◆ **Prompt**
Before doing anything else, copy the entries below exactly.

(Data excerpts)

=======

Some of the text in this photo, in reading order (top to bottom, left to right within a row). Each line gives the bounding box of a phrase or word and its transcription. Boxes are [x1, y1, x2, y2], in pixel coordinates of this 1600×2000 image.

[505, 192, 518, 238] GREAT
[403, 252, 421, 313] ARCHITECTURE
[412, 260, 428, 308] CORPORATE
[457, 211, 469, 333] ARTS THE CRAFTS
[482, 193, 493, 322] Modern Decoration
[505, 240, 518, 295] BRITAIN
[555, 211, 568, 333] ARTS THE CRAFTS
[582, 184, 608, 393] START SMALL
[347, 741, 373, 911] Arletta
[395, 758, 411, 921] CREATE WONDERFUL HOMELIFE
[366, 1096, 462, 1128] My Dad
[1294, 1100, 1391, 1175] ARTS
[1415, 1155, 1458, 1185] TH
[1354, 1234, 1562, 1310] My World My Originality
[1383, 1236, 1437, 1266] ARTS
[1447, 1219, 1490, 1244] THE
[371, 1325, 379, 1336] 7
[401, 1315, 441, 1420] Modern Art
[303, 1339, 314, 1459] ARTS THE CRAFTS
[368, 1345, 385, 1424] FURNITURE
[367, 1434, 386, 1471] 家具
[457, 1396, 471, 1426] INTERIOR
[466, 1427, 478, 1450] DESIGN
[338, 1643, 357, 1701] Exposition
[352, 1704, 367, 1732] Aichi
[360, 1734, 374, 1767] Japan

=======

◆ **Response to this task**
Some of the text in this photo, in reading order (top to bottom, left to right within a row). Each line gives the bounding box of a phrase or word and its transcription. Boxes are [x1, y1, x2, y2], in pixel coordinates of this 1600×2000 image.

[505, 192, 518, 238] GREAT
[403, 252, 421, 313] ARCHITECTURE
[412, 260, 428, 308] CORPORATE
[457, 211, 469, 333] ARTS THE CRAFTS
[482, 193, 493, 322] Modern Decoration
[505, 240, 518, 295] BRITAIN
[555, 211, 568, 333] ARTS THE CRAFTS
[582, 184, 608, 393] START SMALL
[347, 741, 373, 911] Arletta
[395, 758, 411, 921] CREATE WONDERFUL HOMELIFE
[366, 1096, 462, 1128] My Dad
[1294, 1100, 1391, 1175] ARTS
[1415, 1155, 1458, 1185] TH
[1354, 1234, 1562, 1310] My World My Originality
[1383, 1236, 1437, 1266] ARTS
[1447, 1219, 1490, 1244] THE
[371, 1325, 379, 1336] 7
[401, 1315, 441, 1420] Modern Art
[303, 1339, 314, 1459] ARTS THE CRAFTS
[368, 1345, 385, 1424] FURNITURE
[367, 1434, 386, 1471] 家具
[457, 1396, 471, 1426] INTERIOR
[466, 1427, 478, 1450] DESIGN
[338, 1643, 357, 1701] Exposition
[352, 1704, 367, 1732] Aichi
[360, 1734, 374, 1767] Japan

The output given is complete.